Convulsed?! Titus couldn’t bring himself to probe for details. H’lim asked, “You gave Mirelle the amounts I’d told you? But you used the batch I showed you this morning?”

“Yes.”

“What happened after that?”

“Mirelle fell asleep, just as you said she would.”

“How much later did Abbot arrive?”

“Oh, maybe an hour. He couldn’t rouse her and I told him I’d given her the booster. He threw things around and raged at me. I couldn’t understand what he said, but he wouldn’t let me out the door. Every time I went for it-” She buried her face in her hands. “Snakes and scorpions. It was awful. He’s mad, totally mad.”

Titus didn’t need any more words for what she’d endured to come vividly alive for him. I’d have broken!

H’lim, however, seemed unmoved. “What happened when Abbot went to take her blood?”

“She bled-too easily, he said. It tasted peculiar. He raged about that, not always in English. But then he said he had no choice, and he-he-he drank until she died.”

In the luren language, H’lim said, “She’d have died anyway. Inea gave her twenty-two times the dose she should have used, a hundred times what I’d have started with in Mirelle’s weakened condition. Don’t tell her now.”

Titus turned to H’lim and Inea asked, “What’d he say?”
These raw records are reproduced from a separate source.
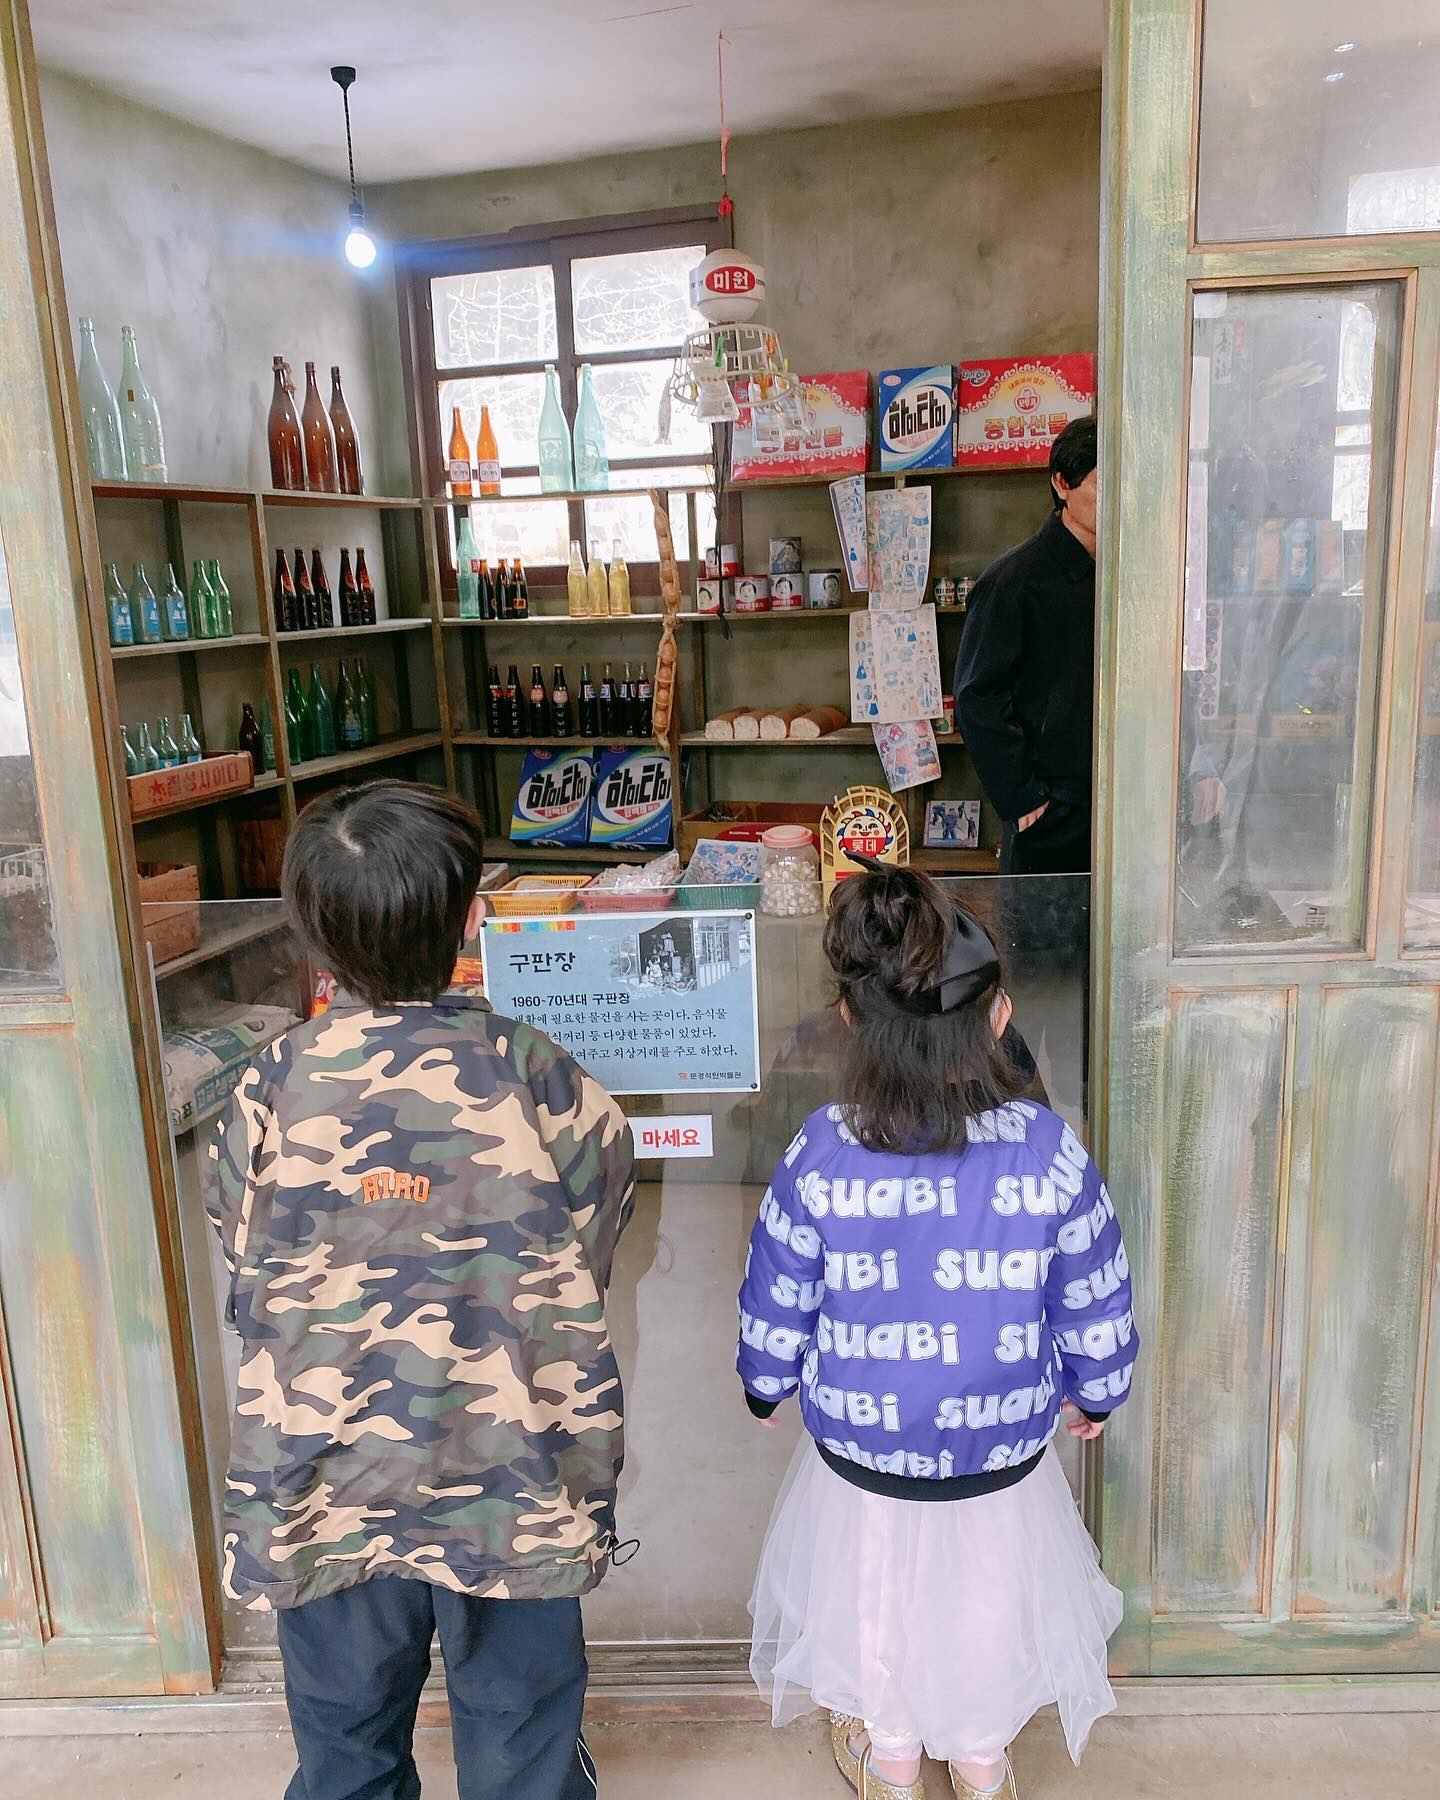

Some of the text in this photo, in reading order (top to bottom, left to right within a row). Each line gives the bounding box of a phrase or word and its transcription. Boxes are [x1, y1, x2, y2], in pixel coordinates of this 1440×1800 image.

[713, 270, 749, 290] 미원
[888, 390, 947, 440] 하이타이
[984, 413, 1068, 440] 종합선물
[526, 763, 587, 809] 하이타이
[606, 762, 671, 809] 하이타이
[852, 838, 877, 853] 롯데
[509, 952, 576, 974] 구판장
[592, 992, 631, 1006] 구판장
[551, 1011, 586, 1025] 필요한
[589, 1010, 624, 1024] 물건을
[627, 1009, 650, 1022] 사는
[652, 1009, 690, 1021] 곳이다.
[693, 1007, 728, 1020] 음식물
[546, 1026, 717, 1043] 식거리 등 다양한 물품이 있었다.
[568, 1044, 739, 1061] 여주고 외상거래를 주로 하였다.
[642, 1127, 700, 1150] 마세요
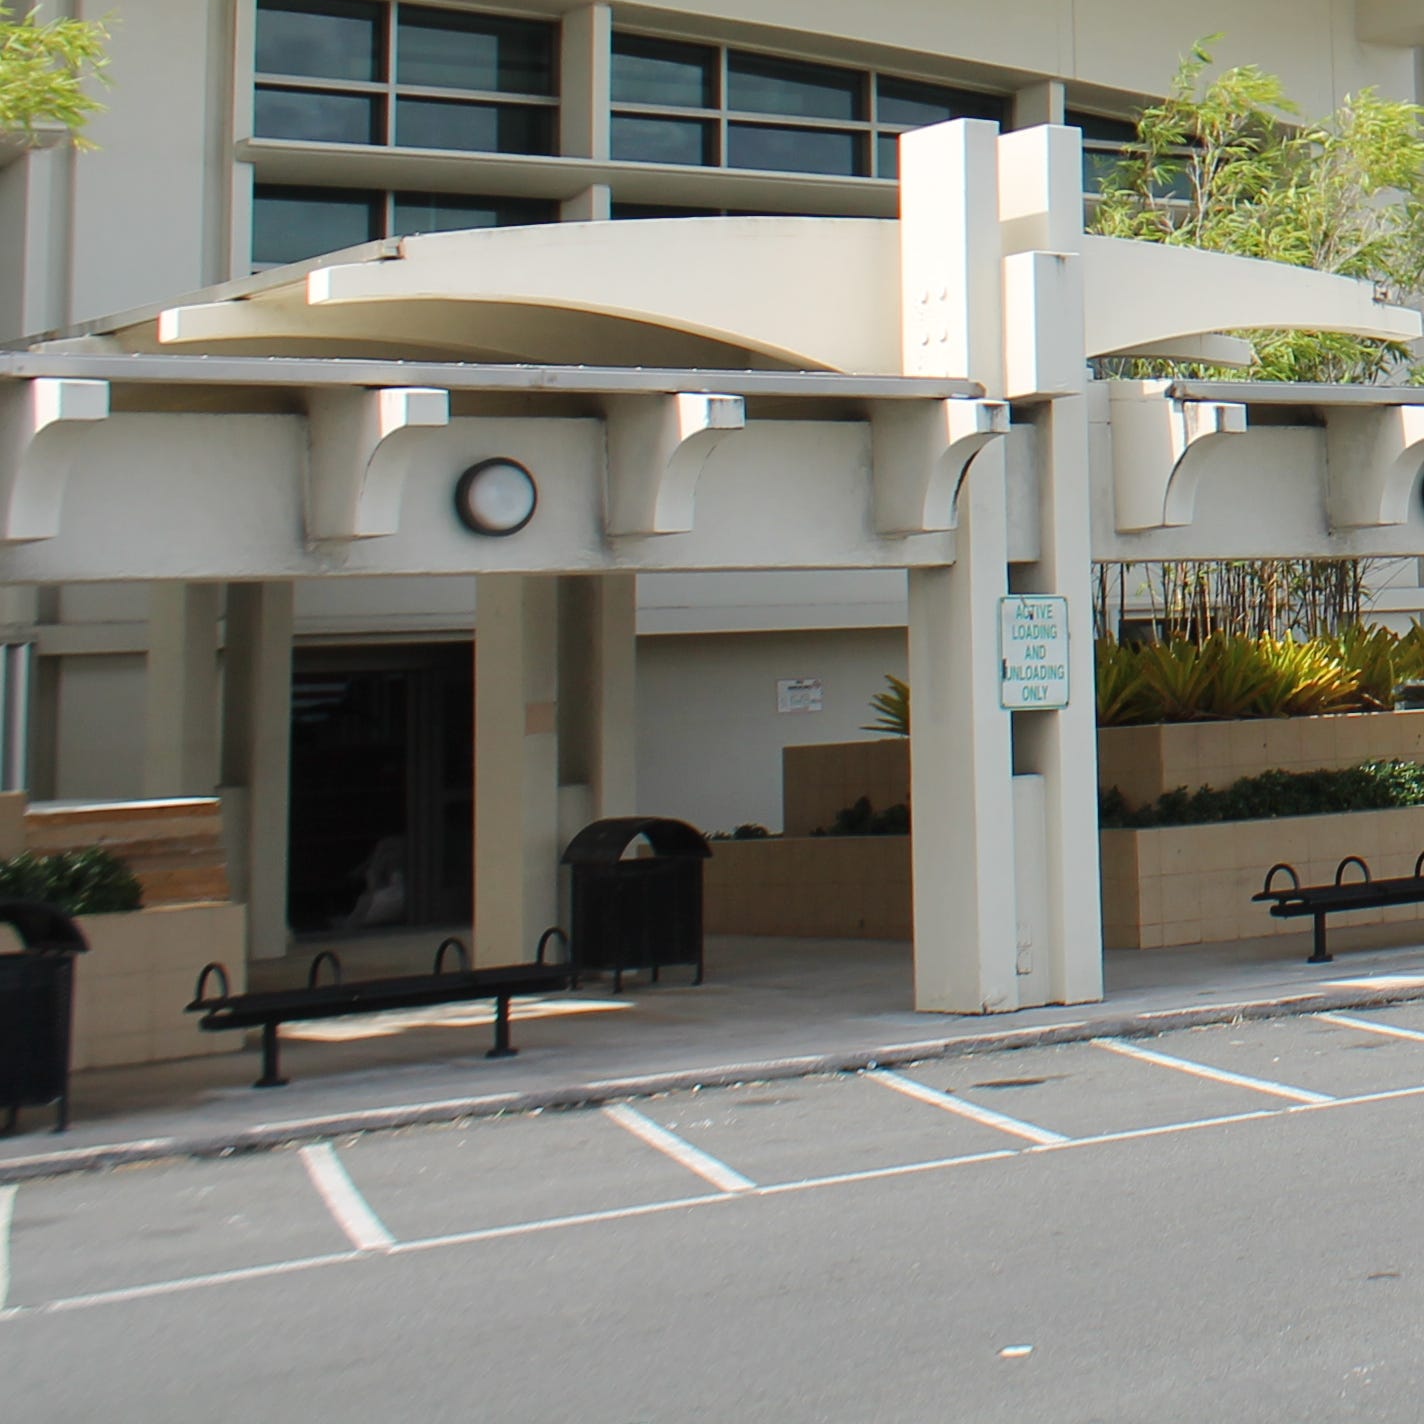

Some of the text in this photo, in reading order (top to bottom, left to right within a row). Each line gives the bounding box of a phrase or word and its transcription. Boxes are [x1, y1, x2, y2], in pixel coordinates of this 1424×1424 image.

[1015, 604, 1053, 619] ACTIVE
[1011, 624, 1058, 640] LOADING
[1024, 644, 1047, 660] AND
[1005, 664, 1065, 680] UNLOADING
[1021, 685, 1049, 701] ONLY
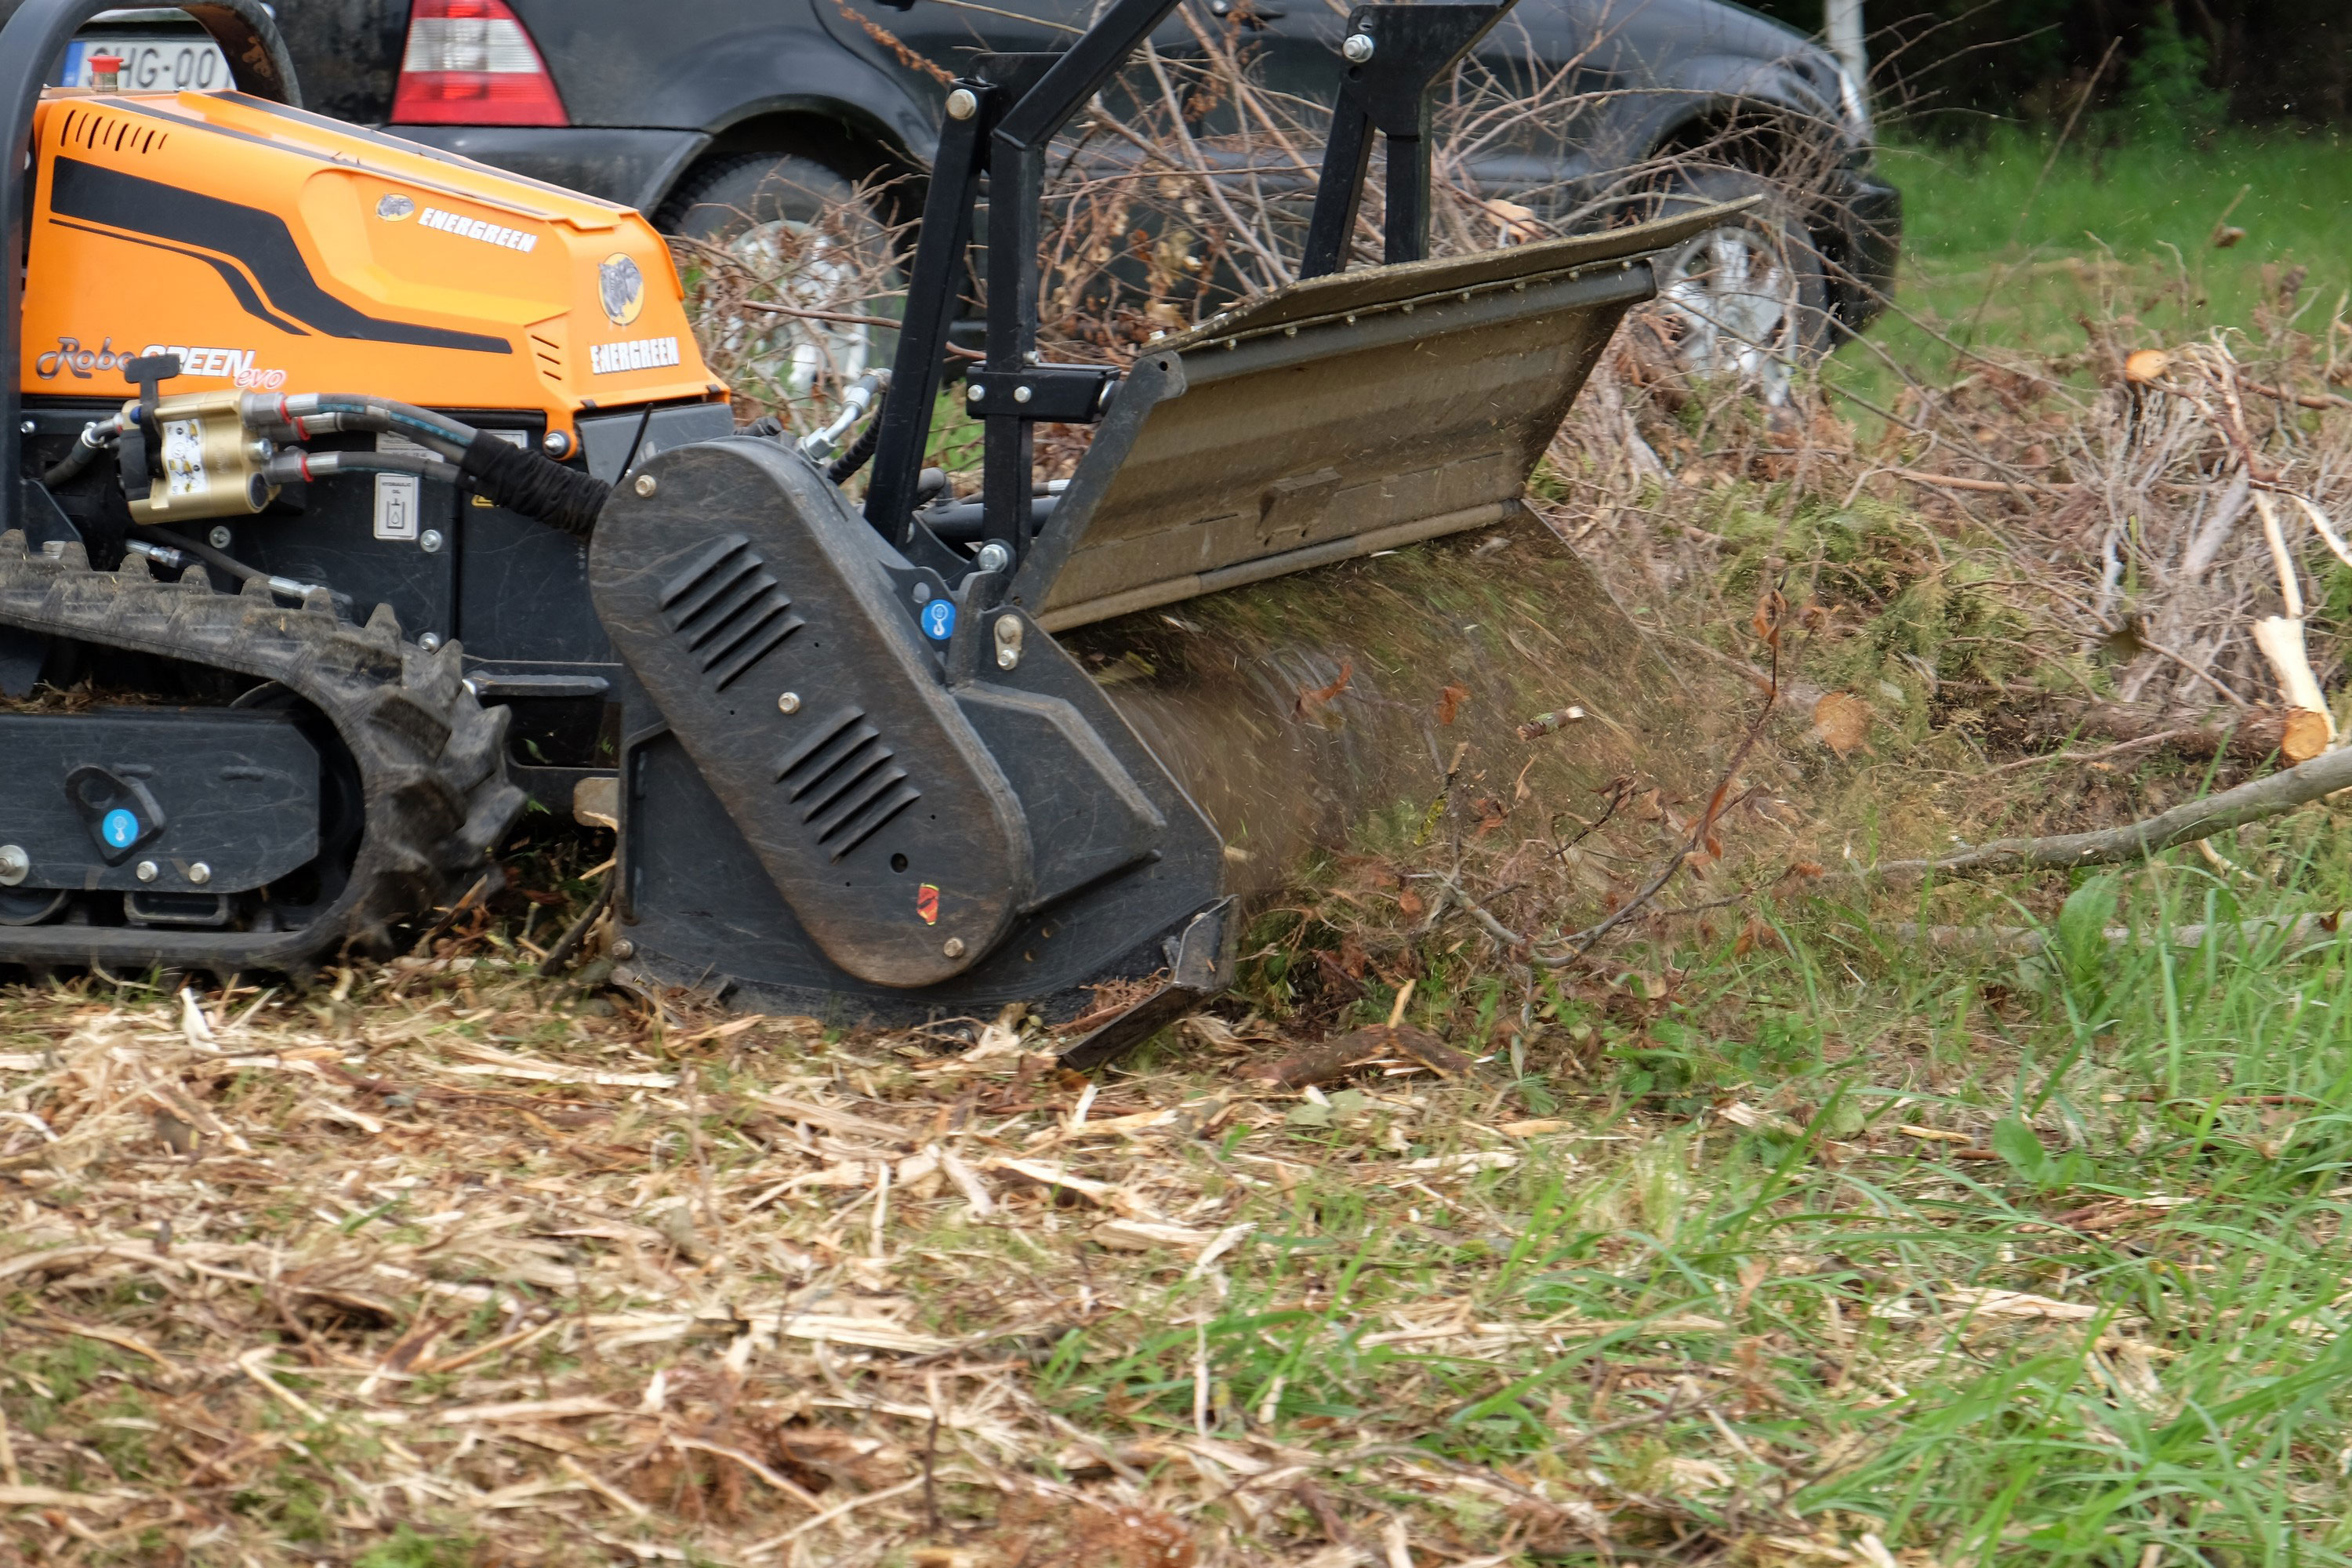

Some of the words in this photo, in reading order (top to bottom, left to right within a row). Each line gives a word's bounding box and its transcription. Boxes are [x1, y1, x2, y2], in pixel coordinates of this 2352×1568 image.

[88, 47, 230, 88] HG-00
[418, 207, 537, 252] ENERGREEN
[590, 337, 680, 375] ENERGREEN
[234, 368, 286, 389] evo
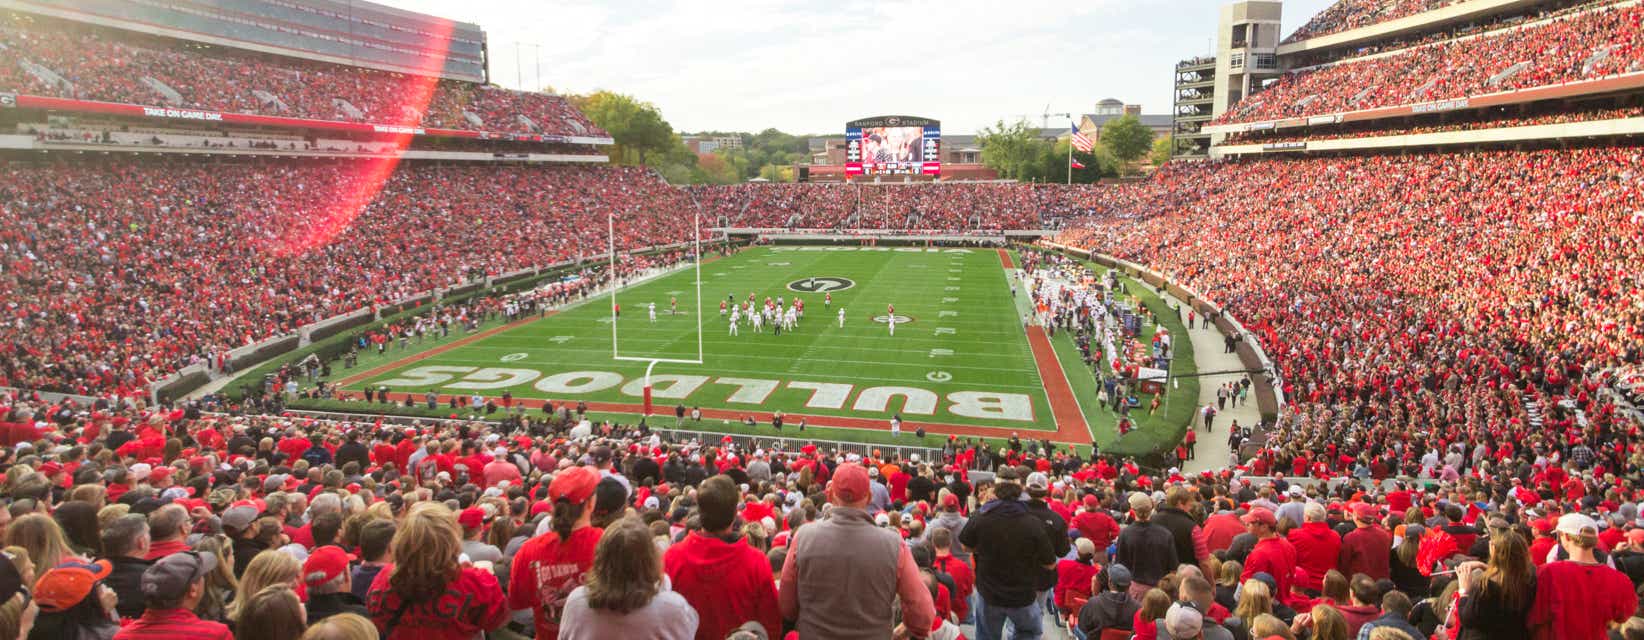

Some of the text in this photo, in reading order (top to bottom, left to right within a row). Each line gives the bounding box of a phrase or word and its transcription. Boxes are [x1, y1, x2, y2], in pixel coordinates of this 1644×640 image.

[144, 107, 166, 117] TAKE
[166, 109, 180, 118] ON
[181, 110, 204, 120] GAME
[371, 365, 1037, 421] BULLDOGS
“Will Abbot get sick from the booster?” asked Titus.

“Probably not. In fact, it could act to increase his own renewing ability, to give him endurance he hadn’t expected Titus, he just might make it, even under the sun.”

“Inea, will you go with us? Outside? To stop Abbot from using the Eighth to call in the galaxy.”

“Shouldn’t someone stay to cover for you?”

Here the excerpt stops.